Des salades et des hommes

Beaucoup des légumes que nous mangeons n’ont pas eu le loisir de rougir ou mûrir sur pieds dans un jardin potager. L’heure est désormais à la culture de masse dans des serres-hangars, où les salades poussent hors sol et sous lumière artificielle, dopées aux engrais. Il faut bien contenter le plus grand nombre. Les temps changent, n’est-ce pas? Cela semble être le cas de la culture artistique aujourd’hui où les grandes institutions culturelles semblent gagner du terrain sur l’initiative individuelle. S’il y aura toujours de merveilleux petits jardins secrets, des fermes préservées, la culture intensive, l’élevage intensif, deviennent majoritairement la norme.
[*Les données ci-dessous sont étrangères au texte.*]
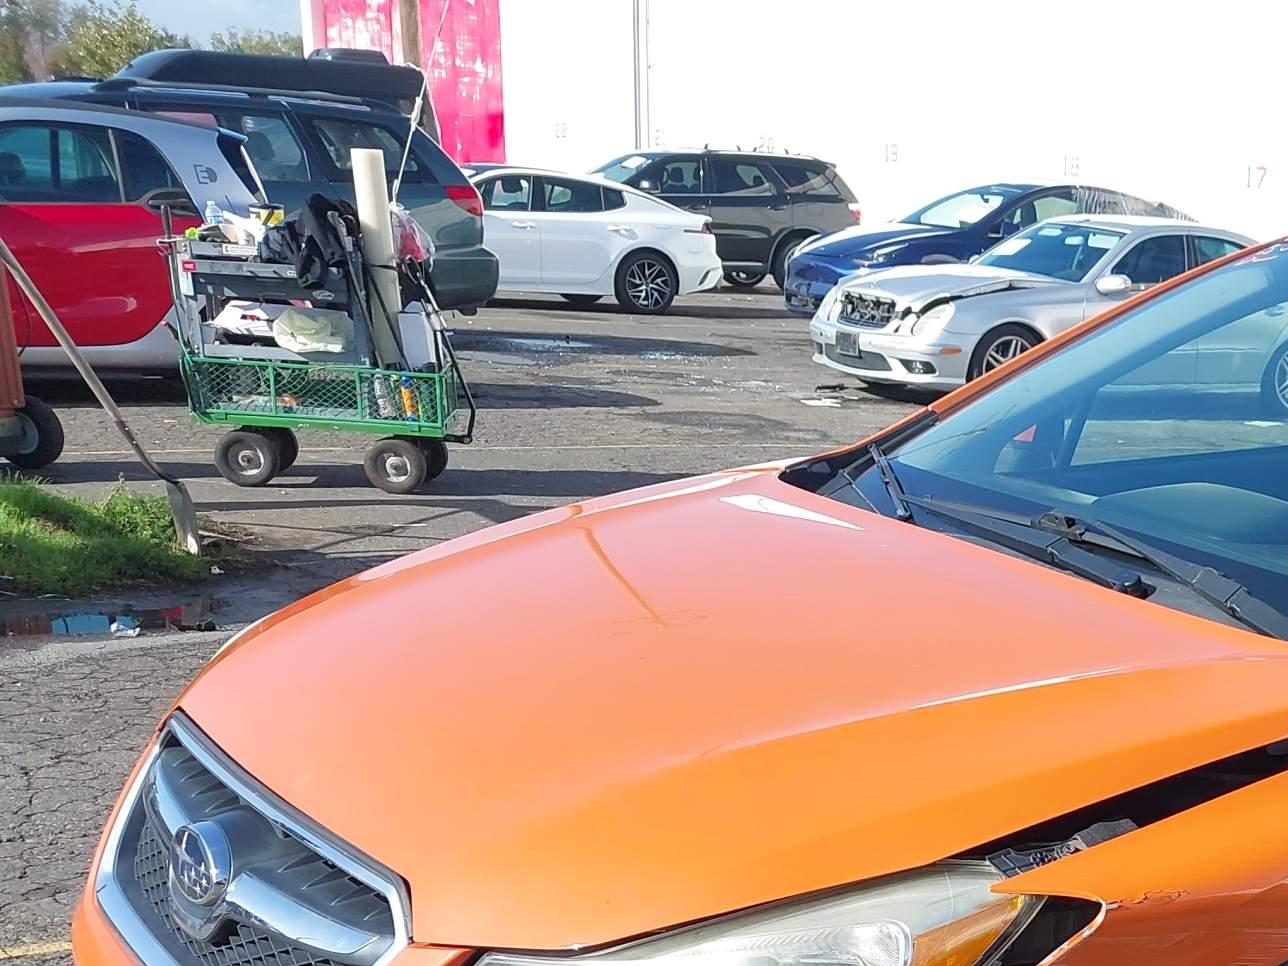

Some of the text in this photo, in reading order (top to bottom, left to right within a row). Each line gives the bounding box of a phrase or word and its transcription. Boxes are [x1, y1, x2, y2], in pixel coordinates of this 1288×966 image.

[885, 143, 898, 162] 19
[1063, 154, 1080, 176] 18
[1246, 165, 1267, 189] 17
Il en va de même pour ce que j’appellerai donc : l’art intensif.

Je parle de ça : « En France, la culture a été marquée à partir des années 1960 par un processus d’« institutionnalisation », entendu comme l’importance croissante des institutions et acteurs publics dans ce domaine et la structuration des politiques publiques afférentes. L’activité culturelle semble aujourd’hui, en France comme ailleurs, de plus en plus imprégnée par le caractère marchand du bien ou du service qu’elle produit. »

« Le travail dans les institutions culturelles » par Celia Bense Ferreira Alves et Frédéric Poulard

L’artiste est mis en boîte, étiqueté, et le public, cette formidable entité gazeuse en pleine expansion, est dirigé, et le savoir qu’on lui destine pré-digéré. L’usage collectif de l’art, la « marchandisation », le grand fourre-tout médiatique, vomissent tous les jours des tonnes d’informations sur ce qu’il faut avoir vu, ce qu’il est souhaitable d’admirer. Et on se selfie devant, on se presse aux expositions-évènements pour pouvoir dire qu’on a utilement passé son dimanche, on râle de ne pouvoir photographier les grandes œuvres au Louvre…bref, on fait ses devoirs de culture artistique (et les musées quelques bénéfices en vendant des gadgets à l’effigie de leurs pièces maîtresses).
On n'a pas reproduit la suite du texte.